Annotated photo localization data
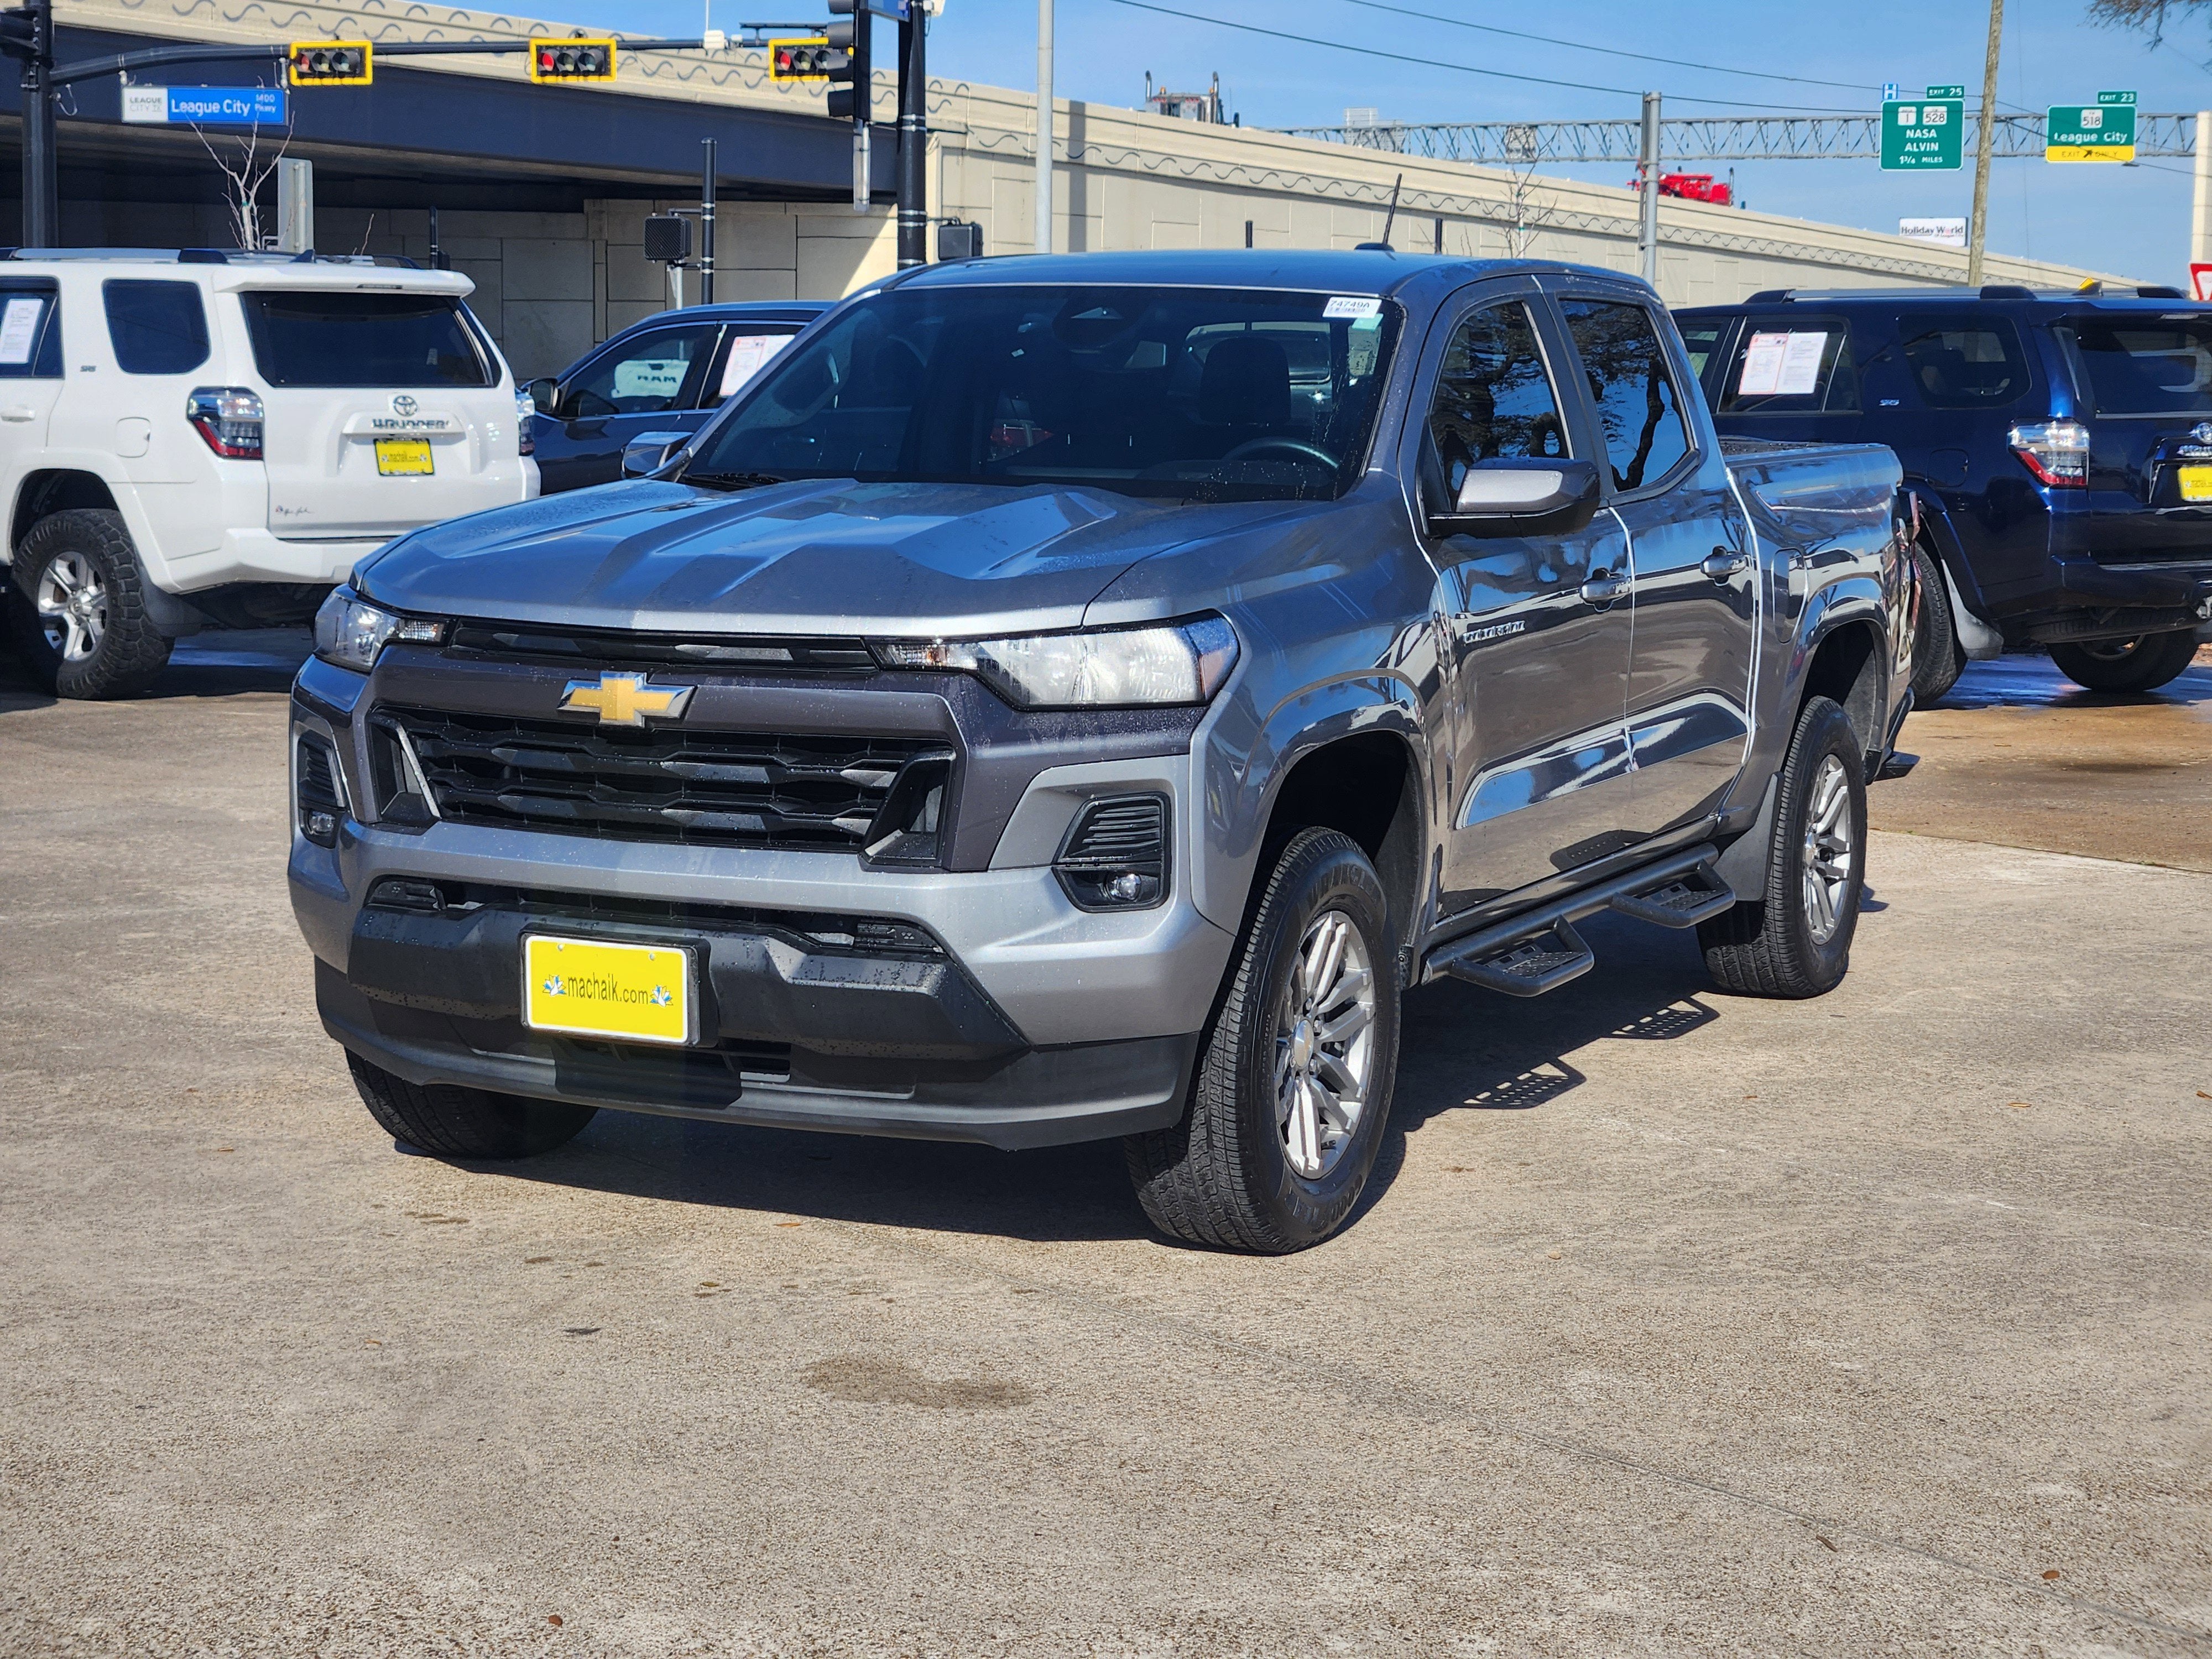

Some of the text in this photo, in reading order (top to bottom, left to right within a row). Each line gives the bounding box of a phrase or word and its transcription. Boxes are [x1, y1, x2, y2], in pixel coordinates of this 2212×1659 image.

[1949, 88, 1963, 96] 25
[2121, 93, 2135, 103] 23
[171, 98, 251, 117] League City
[1925, 113, 1945, 123] 528
[2083, 116, 2101, 126] 518
[1906, 128, 1938, 138] NASA
[2054, 132, 2127, 144] League City
[1904, 142, 1939, 152] ALVIN
[1901, 226, 1964, 234] Holiday World
[568, 972, 648, 1004] machaik.com

| Task |
Pictures are to be excluded; the records themselves are to be reproduced exactly.

| Exercise solution |
Some of the text in this photo, in reading order (top to bottom, left to right within a row). Each line gives the bounding box of a phrase or word and its transcription. Boxes are [x1, y1, x2, y2], in pixel coordinates of this 2212×1659 image.

[1949, 88, 1963, 96] 25
[2121, 93, 2135, 103] 23
[171, 98, 251, 117] League City
[1925, 113, 1945, 123] 528
[2083, 116, 2101, 126] 518
[1906, 128, 1938, 138] NASA
[2054, 132, 2127, 144] League City
[1904, 142, 1939, 152] ALVIN
[1901, 226, 1964, 234] Holiday World
[568, 972, 648, 1004] machaik.com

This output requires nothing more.